'''

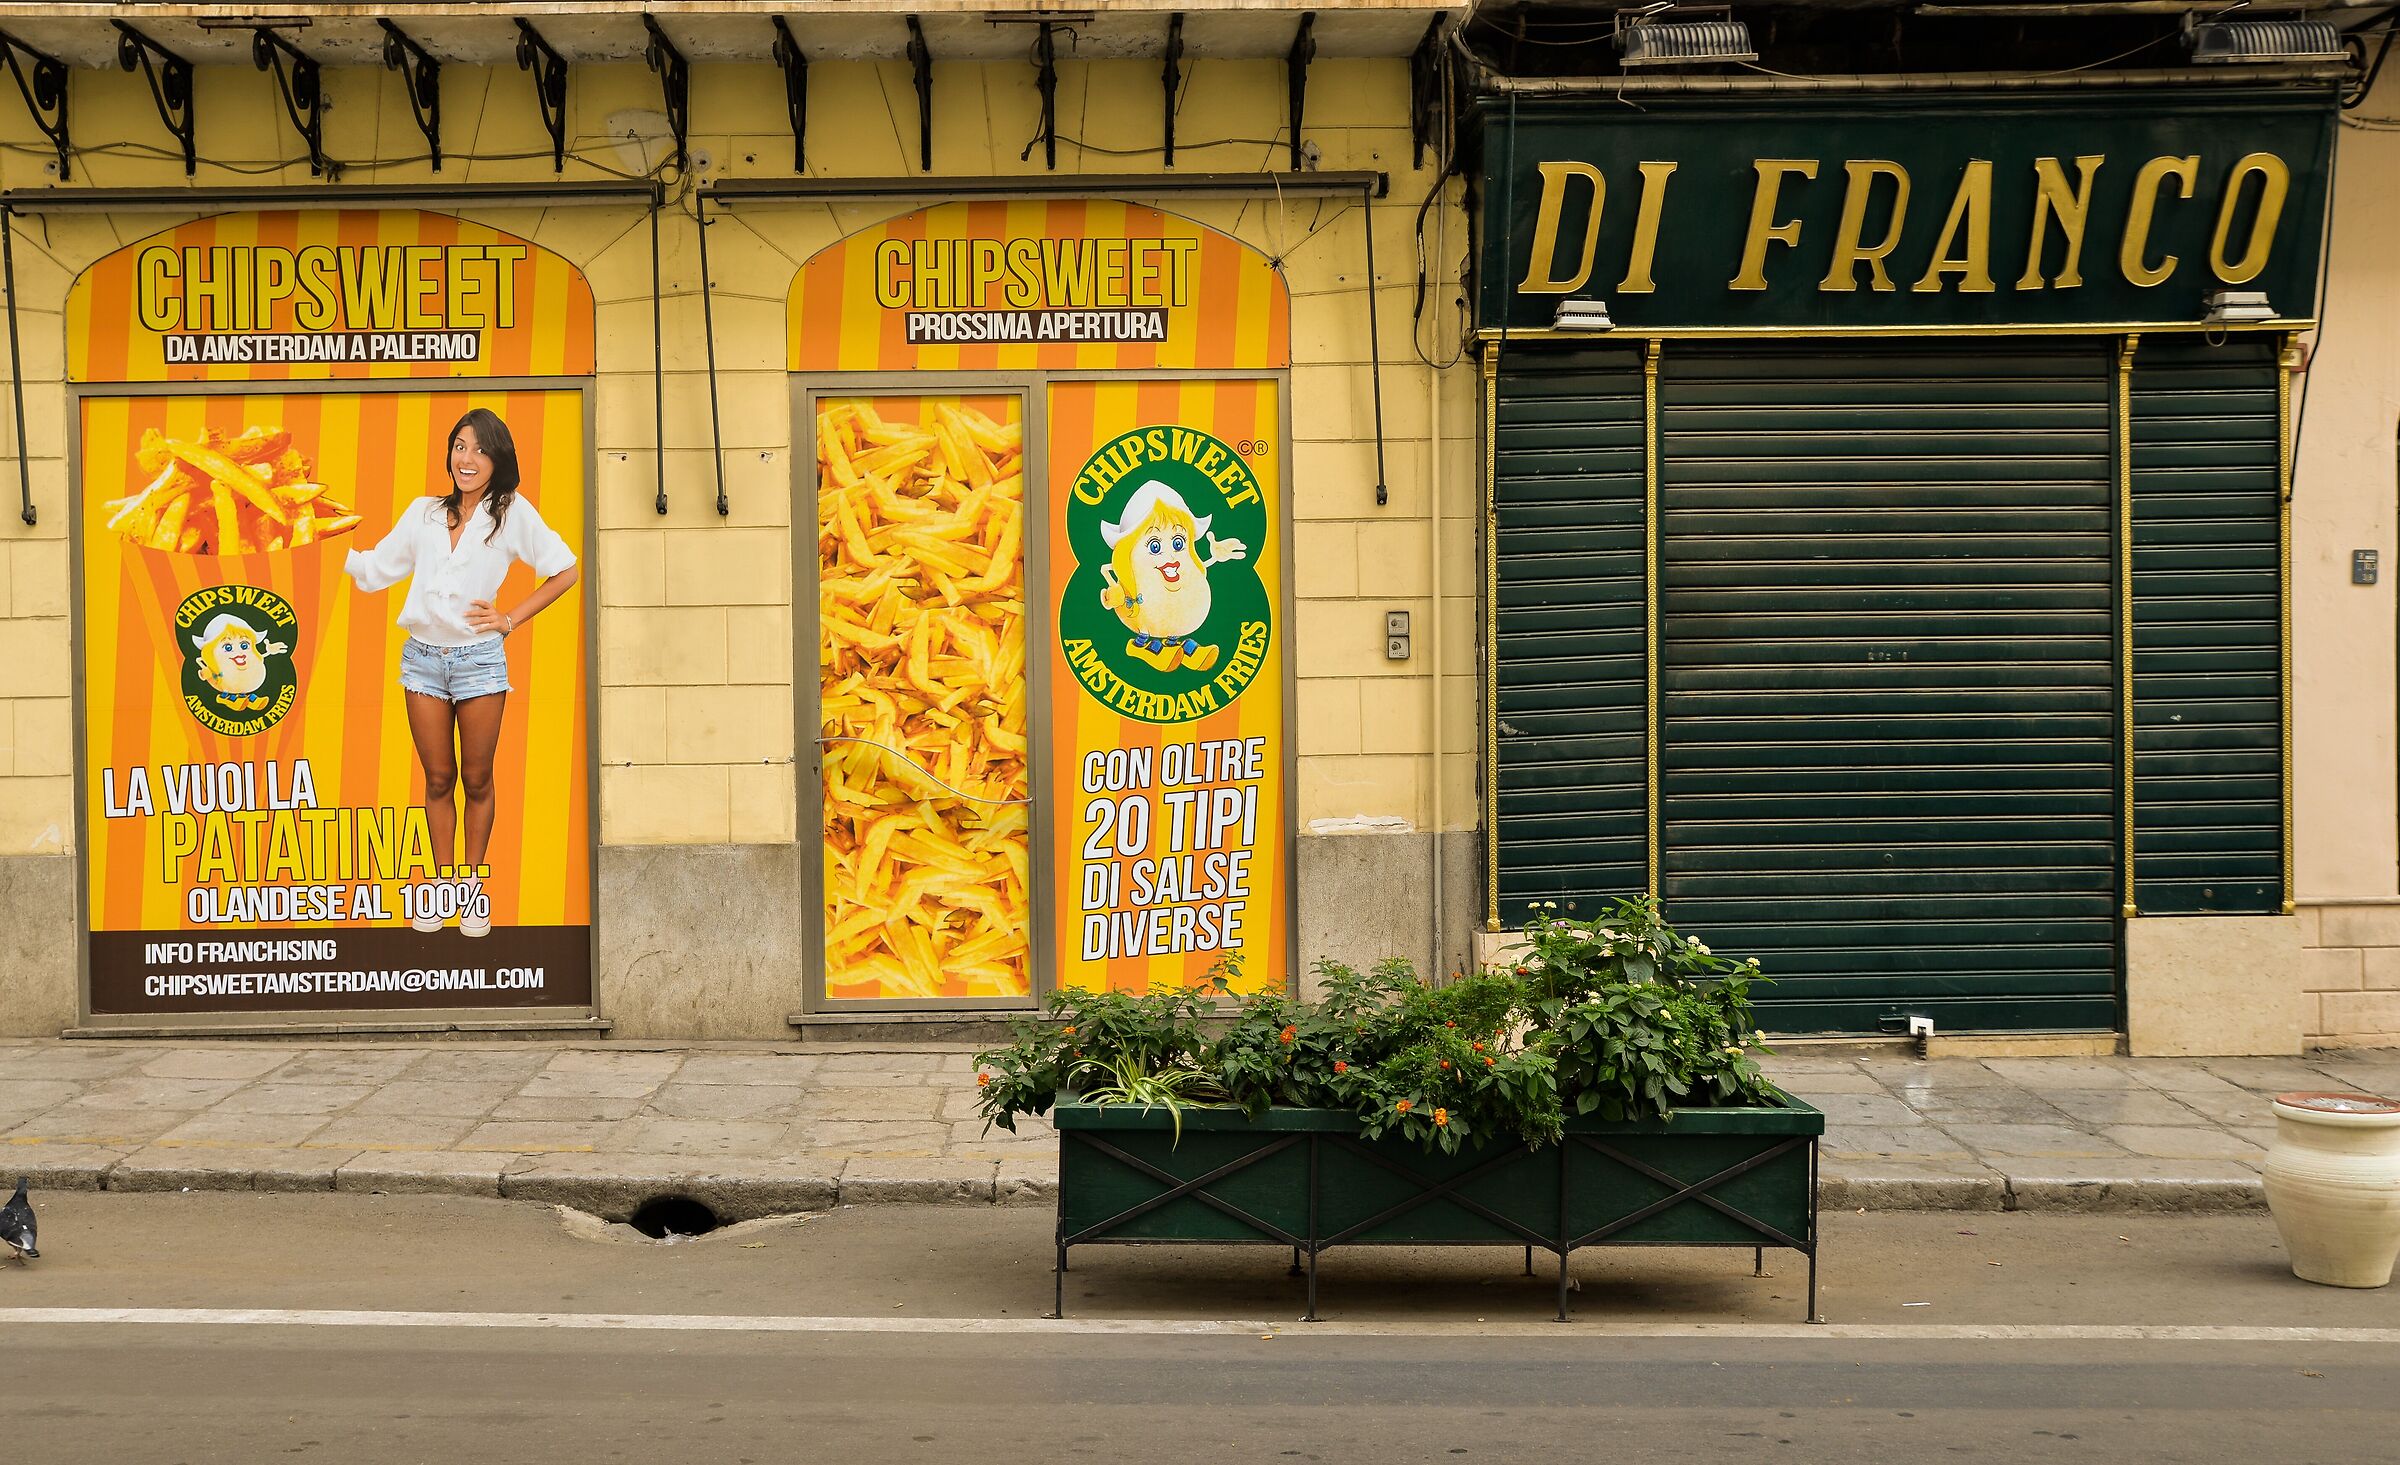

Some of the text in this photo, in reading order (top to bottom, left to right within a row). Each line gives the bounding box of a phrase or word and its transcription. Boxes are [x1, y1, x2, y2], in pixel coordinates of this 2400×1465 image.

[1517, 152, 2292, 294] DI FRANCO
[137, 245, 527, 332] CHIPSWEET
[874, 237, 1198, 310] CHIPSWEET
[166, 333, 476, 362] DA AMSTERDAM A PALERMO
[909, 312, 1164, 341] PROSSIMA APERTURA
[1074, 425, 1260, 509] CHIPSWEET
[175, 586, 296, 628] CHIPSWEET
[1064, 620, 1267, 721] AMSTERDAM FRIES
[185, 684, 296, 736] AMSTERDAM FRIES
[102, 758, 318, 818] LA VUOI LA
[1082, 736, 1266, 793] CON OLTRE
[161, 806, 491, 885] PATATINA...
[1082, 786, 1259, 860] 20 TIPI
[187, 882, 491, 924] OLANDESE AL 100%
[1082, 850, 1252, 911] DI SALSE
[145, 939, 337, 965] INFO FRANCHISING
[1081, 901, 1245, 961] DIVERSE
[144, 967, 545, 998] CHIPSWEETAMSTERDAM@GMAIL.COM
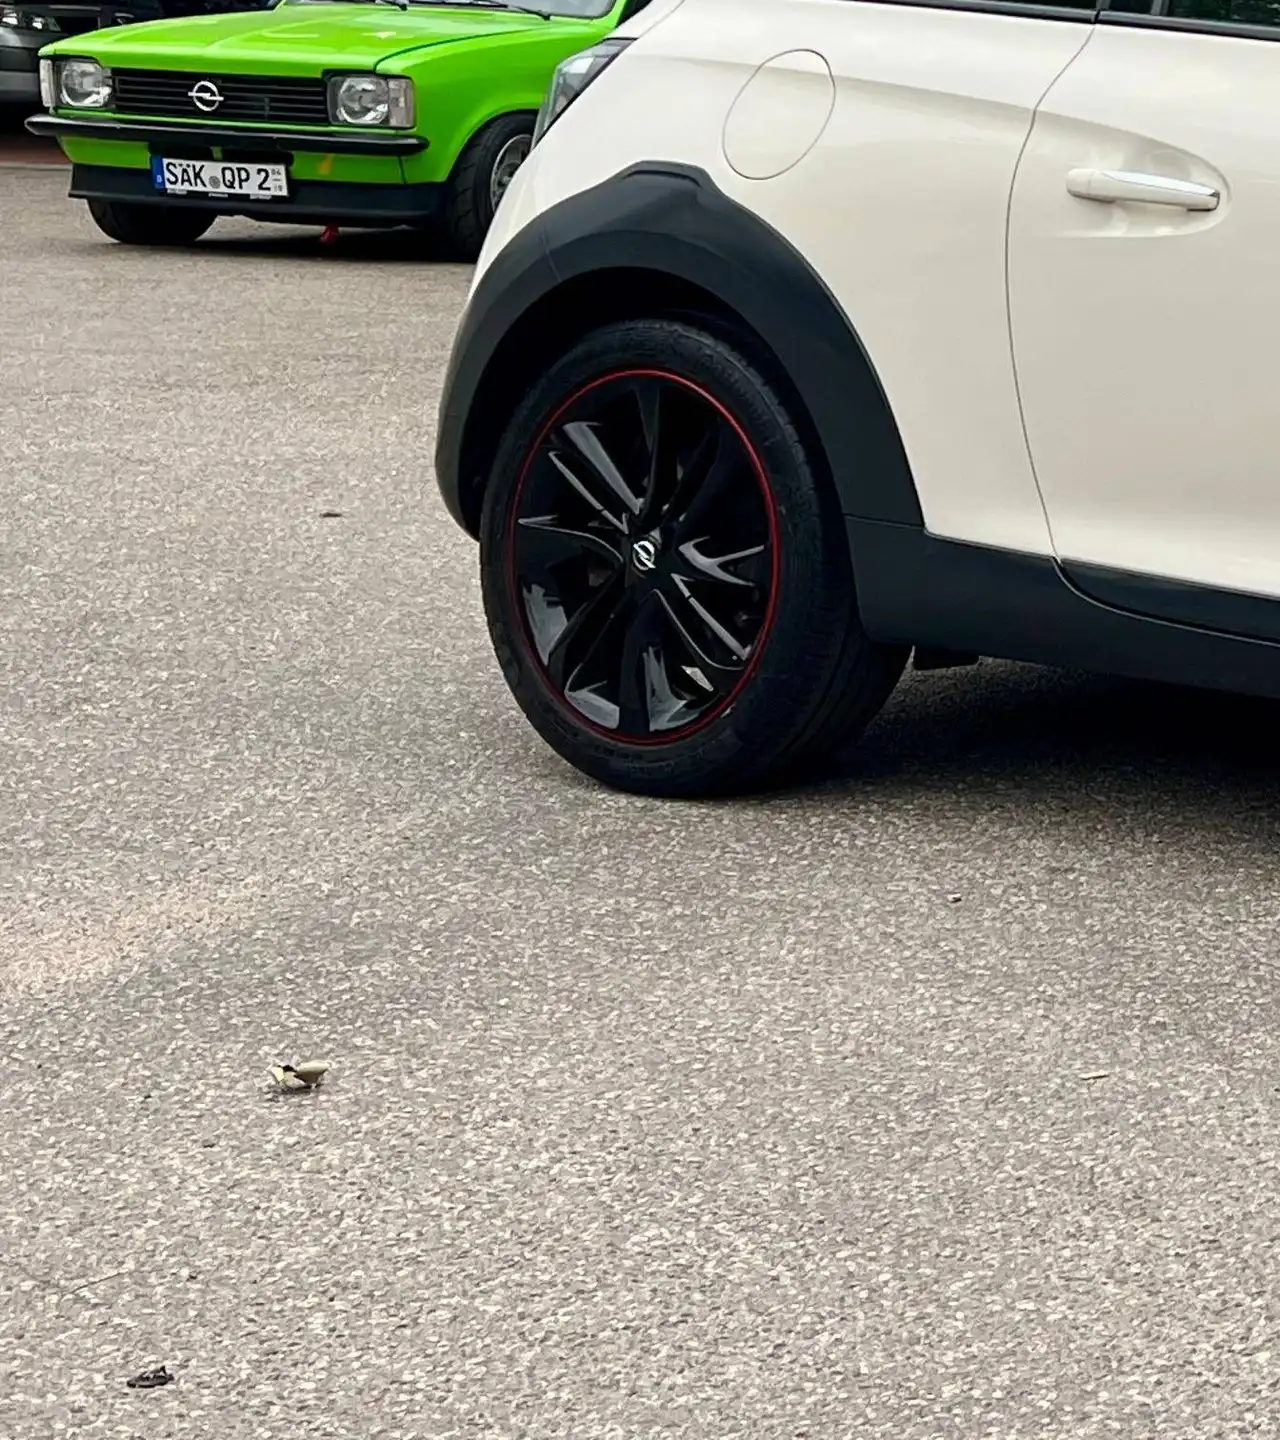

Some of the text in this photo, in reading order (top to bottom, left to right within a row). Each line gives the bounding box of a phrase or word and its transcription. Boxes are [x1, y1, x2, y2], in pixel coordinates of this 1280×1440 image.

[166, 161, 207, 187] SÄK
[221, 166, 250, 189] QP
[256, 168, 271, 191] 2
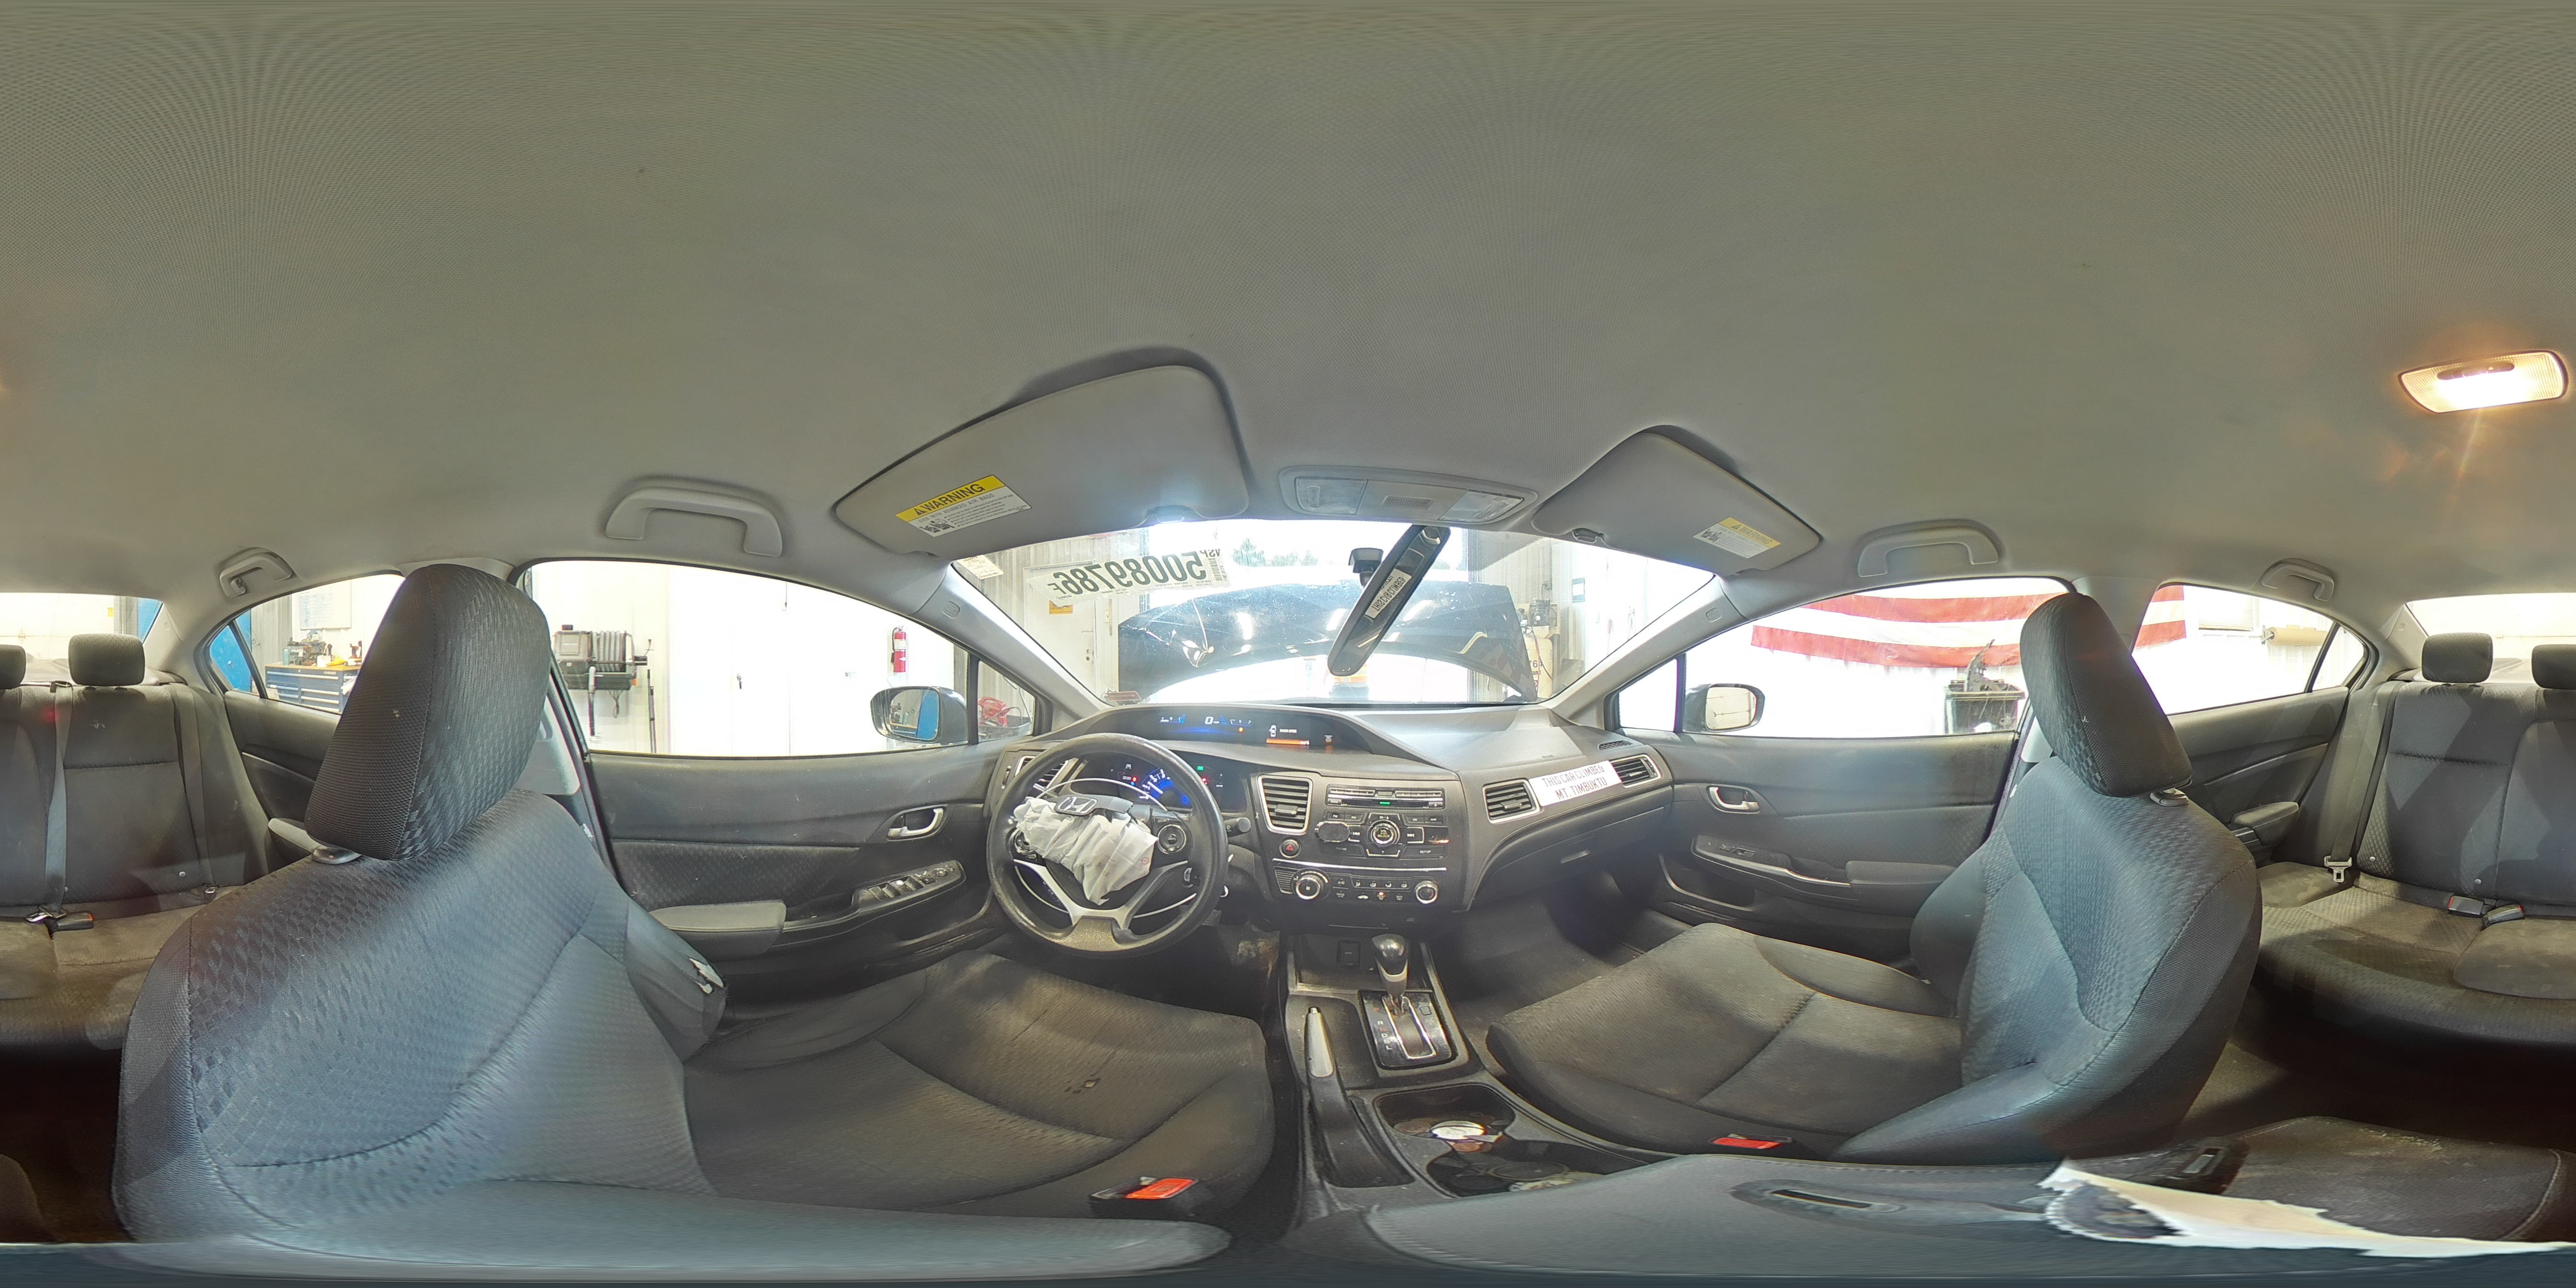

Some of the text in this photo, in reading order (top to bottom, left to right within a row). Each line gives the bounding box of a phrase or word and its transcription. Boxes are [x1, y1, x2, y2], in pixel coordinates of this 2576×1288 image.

'''

Copy out the records exactly. Do not include the pictures.

Some of the text in this photo, in reading order (top to bottom, left to right within a row). Each line gives the bounding box of a phrase or word and its transcription. Boxes are [x1, y1, x2, y2], in pixel coordinates of this 2400×1465 image.

[1517, 152, 2292, 294] DI FRANCO
[137, 245, 527, 332] CHIPSWEET
[874, 237, 1198, 310] CHIPSWEET
[166, 333, 476, 362] DA AMSTERDAM A PALERMO
[909, 312, 1164, 341] PROSSIMA APERTURA
[1074, 425, 1260, 509] CHIPSWEET
[175, 586, 296, 628] CHIPSWEET
[1064, 620, 1267, 721] AMSTERDAM FRIES
[185, 684, 296, 736] AMSTERDAM FRIES
[102, 758, 318, 818] LA VUOI LA
[1082, 736, 1266, 793] CON OLTRE
[161, 806, 491, 885] PATATINA...
[1082, 786, 1259, 860] 20 TIPI
[187, 882, 491, 924] OLANDESE AL 100%
[1082, 850, 1252, 911] DI SALSE
[145, 939, 337, 965] INFO FRANCHISING
[1081, 901, 1245, 961] DIVERSE
[144, 967, 545, 998] CHIPSWEETAMSTERDAM@GMAIL.COM

Some of the text in this photo, in reading order (top to bottom, left to right within a row). Each line gives the bounding box of a phrase or word and its transcription. Boxes are [x1, y1, x2, y2], in pixel coordinates of this 1280×1440 image.

[166, 161, 207, 187] SÄK
[221, 166, 250, 189] QP
[256, 168, 271, 191] 2

Some of the text in this photo, in reading order (top to bottom, left to right within a row). Each line gives the bounding box of a phrase or word and its transcription. Boxes are [x1, y1, x2, y2], in pixel coordinates of this 2576×1288 image.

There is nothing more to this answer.